Opinion columnist Keerthana Rameshbabu encourages middle and upper class Americans to use their privilege to push for climate change policies.

Sitting in air-conditioned homes, with access to fresh air at the crack of a window and clean water at the turn of a nozzle, most Americans don’t yet feel the effects of climate change. Because of this, they adopt a sense of indifference towards it. While some Americans deny the shift altogether, most know climate change is real. However, they think the cost of stopping it is higher than the threat itself or believe we will resolve the issue without their action. What privileged Americans fail to realize is that their ignorance and inaction is causing millions to suffer daily — both in third world countries and in the United States.

Of course, there are many ways to define privilege, but in this case, a privileged American is someone with affluent wealth. People who come from families with an income of $100,000 or more are considered affluent, so most Aggies can be considered to come from privileged households. Most students from A&M are predicted to become wealthy adults. With money comes power, so it is vital that we understand the urgency of climate change action.

Both the media and regular citizens often still talk about climate change as something to worry about in the future. They discuss topics such as which parts of America will sink into oceans and new diseases future generations could potentially face. This kind of rhetoric is harmful and overshadows the current struggles of millions around the world. While it’s true that conditions will worsen, treating climate change as a future event gives the privileged more reason not to regard it as a present crisis.

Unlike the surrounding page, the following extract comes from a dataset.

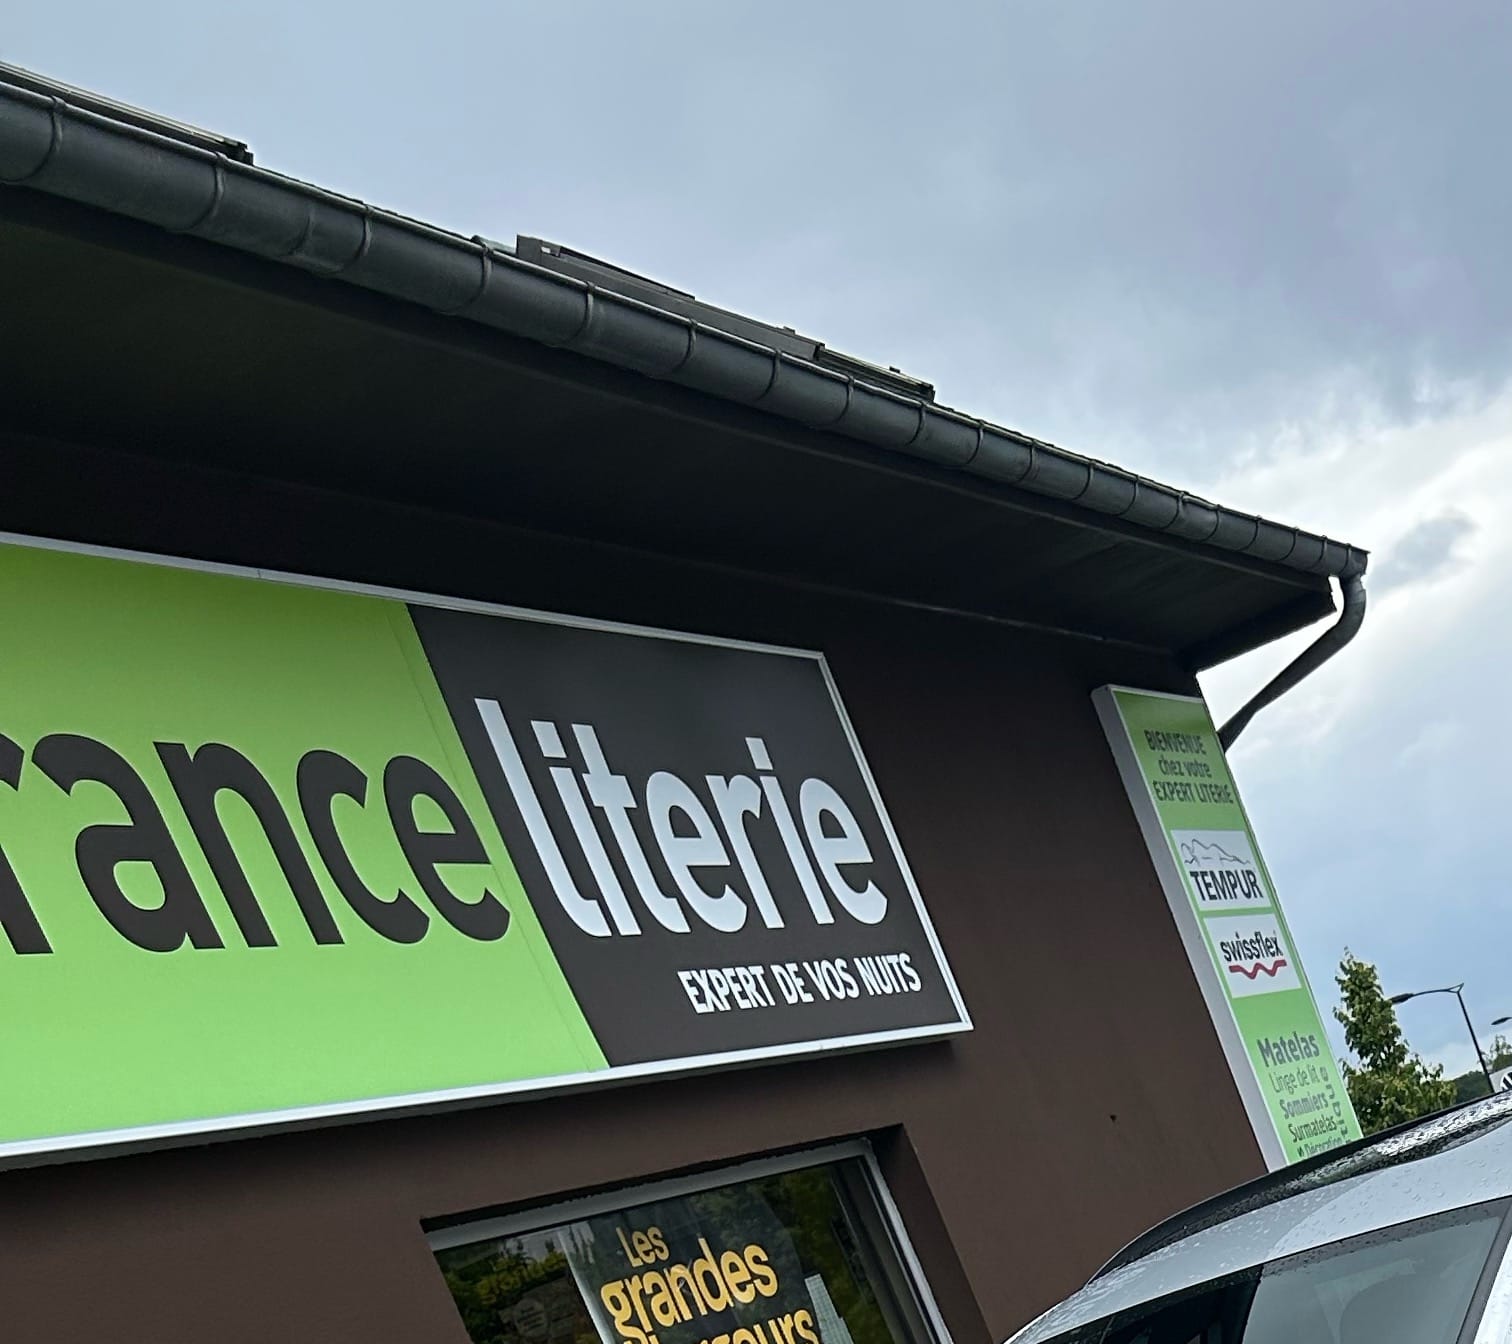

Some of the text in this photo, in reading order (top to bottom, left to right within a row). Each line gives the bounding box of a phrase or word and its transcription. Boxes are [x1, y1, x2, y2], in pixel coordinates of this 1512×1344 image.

As most Americans carry on with their lives, thousands in coastal areas are on the front lines of the battle against rising seas and warming temperatures. Indigenous people, people of color and low-income families in and outside the U.S. are the most affected by the pollution caused mainly by the upper class and upper-middle class Americans’ consumption habits. Island nations, such as Tarawa, facing the danger of having their homes swallowed by the ocean, are currently relocating their citizens, uprooting people’s lives. As deserts expand in northern Africa, migrants from Sudan are pouring into Darfur to escape drought and starvation.

Some people are aware of these struggles; they don’t see it as their problem, but it is. The U.S. is the second biggest carbon dioxide polluter in the world, yet its citizens do not pay for its emissions, so it must help those who do. Besides offering aid and resources for the damage already done, the U.S. needs to stop polluting and give back people’s homes or get ready to accept climate migrants. The number of refugees from Central America will only increase if we continue to emit greenhouse gases at the current rate.

If people still aren’t convinced that climate change is a pertinent threat, they should know that Americans are, and will continue to be, affected by the problem as well. Southern states along the coast are vulnerable to severe weather such as Hurricane Harvey, which left thousands of Texans without a home. These events will also force Americans to increase their spending on heating and cooling, healthcare and infrastructure. Situations like these mean more out-of-pocket payments for everyone — including wealthy Americans — and tax increases. All of these issues will directly affect privileged Americans.

Impoverished communities cannot stand up for themselves either due to facing the great strife of losing their homes and way of life, due to a non-democratic government or both. However, public officials do not restrict most U.S. citizens in these ways. They can and should use their rights to push for climate action policies.

We have no excuse to ignore the pressing threat among us when millions of people are paying the costs of climate change at this very moment. In a few months to years, us students will be out in the real world. We cannot afford to consume the way past generations have. As we enter the workforce, and even now, we can use our education, earnings and voice to ameliorate American society. Climate change will someday affect every person — privileged or not, but before that happens we can push for federal measures. Let’s start talking about climate change as an ongoing crisis and encourage politicians to adopt an immediate and drastic policy to stop it.